If you notice pockets of your estate looking bare, you are not alone.
Over the past year, trees around the island have been cut down, as the authorities weed out those deemed unhealthy, or to clear the way for new developments.
One such area lies along Yishun Central Road, where stumps are all that remain of more than five stately trees that used to line a road divider.
In its effort to keep Singapore green but safe, the Republic’s national gardener has to balance removing trees at risk of falling and harming people and property, with maintaining a verdant, shady environment. In the area near Yishun Central, for instance, the National Parks Board (NParks) said routine inspections had found that the trees were structurally weak.

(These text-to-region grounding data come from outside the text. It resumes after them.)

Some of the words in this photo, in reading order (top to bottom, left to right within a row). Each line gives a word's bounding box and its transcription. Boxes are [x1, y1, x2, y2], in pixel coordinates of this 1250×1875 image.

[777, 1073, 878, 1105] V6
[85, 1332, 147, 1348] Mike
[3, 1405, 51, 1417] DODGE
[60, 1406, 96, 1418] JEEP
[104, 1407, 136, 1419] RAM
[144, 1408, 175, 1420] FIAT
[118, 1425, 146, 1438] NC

The large trees were felled last month.
Mr Oh Cheow Sheng, group director of streetscape at NParks, said: “These had to be replaced as they may pose a higher risk of failure, especially during the recent period of wet weather conditions.
“Based on site conditions, replacement saplings were inter-planted between the affected trees to mitigate the loss of greenery.”

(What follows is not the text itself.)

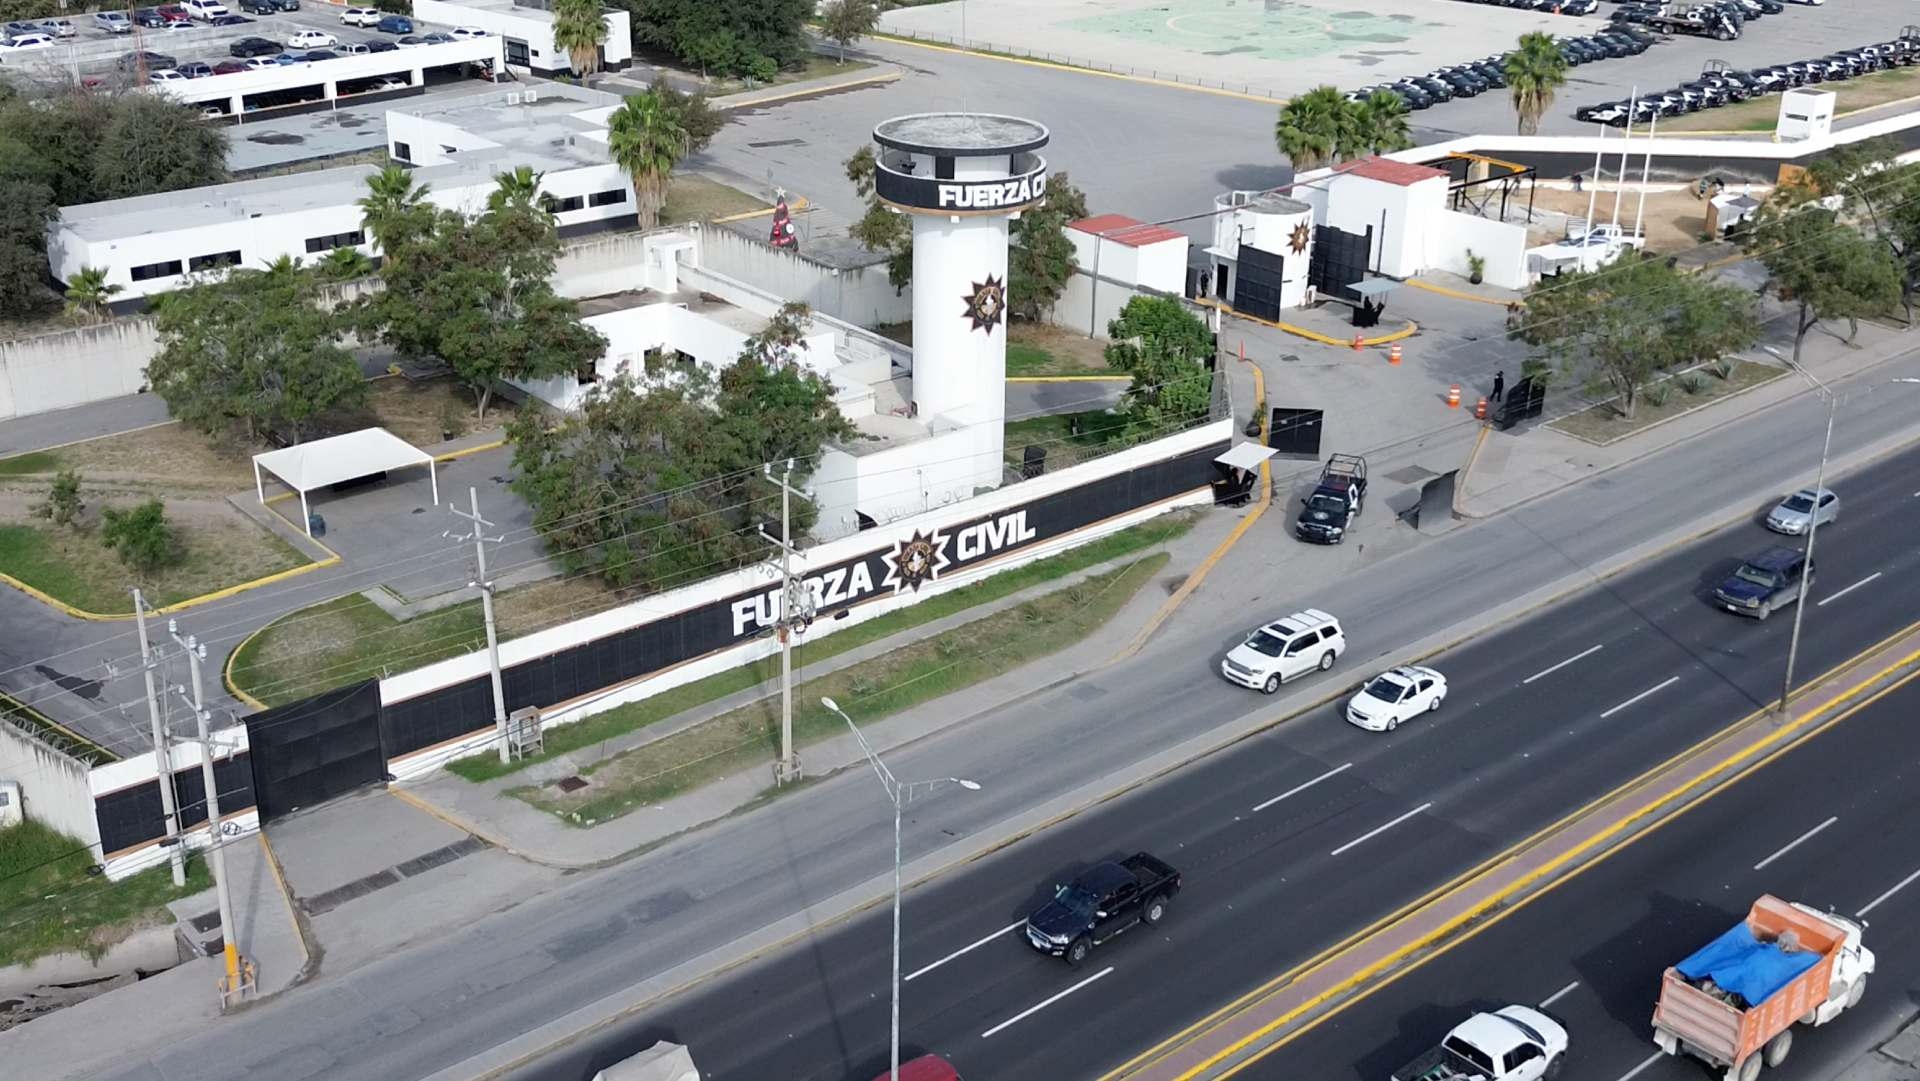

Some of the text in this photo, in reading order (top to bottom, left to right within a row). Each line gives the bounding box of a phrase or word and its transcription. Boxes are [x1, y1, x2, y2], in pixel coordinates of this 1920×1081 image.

[938, 178, 1031, 207] FUERZA
[731, 561, 873, 636] FURZA
[957, 510, 1036, 561] CIVIL

More trees will be planted in the area within the next two months.
Other areas that have experienced a tree makeover include Tanjong Pagar, near Keppel Road, and the road leading to Mount Faber.
In November, a plot covered with Albizia trees opposite the Bukit Batok Nature Park was also cleared over safety concerns. Albizia trees are vulnerable to storms and are more prone to falling because of their brittle wood structure and shallow roots. NParks is replanting the plot with native plants.
Last March, The Sunday Times reported that 10,000 to 13,000 trees in Singapore could be removed to make way for transport and housing projects over the next 15 years. The authorities assured the public that all the affected trees will be replaced with one or more trees.
While NParks did not give figures on the number of trees that have been removed over the years, it did note that it has been planting trees aggressively to ensure that greenery is not lost.
“Overall, we planted approximately 50,000 trees in 2017, which is more than double the number of trees planted in 2013,” said Mr Oh. He added that decisions to replace trees are made in the interest of public safety after careful consideration and in view of their site conditions. Older trees are more prone to pests, diseases and structural problems.
“Trees to be replaced are transplanted to other sites, where possible, or else they are replaced with other trees,” he said.
Marketing executive Sheree Lieu, 27, said some of the old trees at Yishun Central had large roots which protruded from the ground, causing some residents to trip. “Replacing them might be a good thing.”
Others, however, lamented the loss of their lofty neighbourhood sentinels which could have taken decades to grow.
Seeing numerous trees removed at one go in his estate has worried Mr Rikard Rosen, 54, who lives in Tanjong Pagar.
“While replanting is certainly being done, has anyone studied what impact removing old trees can have on our biodiversity?” he asked.
Mr Rosen, who runs a mobile technology company, said the younger trees do not provide as much shade, and removing the old trees means removing the different organisms, like insects, that live in them, which he worries will affect the surrounding ecosystem.
Dr Chong Kwek Yan, from the National University of Singapore’s department of biological sciences, said large trees provide disproportionately more resources for animals, so removing mature trees to some extent will have an effect on the surroundings, though the impact will depend on the tree species.
Some resources are easily provided by other plants when the tree is removed, he noted. But old trees are particularly important for species such as woodpeckers, which excavate holes in decaying wood for nesting and these are subsequently used by other animals.
“However, these are precisely the trees that are the target of heavy pruning or even removal, because their weaker wood may pose a hazard especially in areas with high human activity. It’s a difficult trade-off,” he said.
It might take many years for a sapling to mature and reach a large size, with fast-growing species tending to have poorer quality wood which will pose problems when they are older. “Our streetscape managers therefore have an unenviable task of planning decades ahead to plant slower-growing saplings that will eventually replace others that will be removed in time.”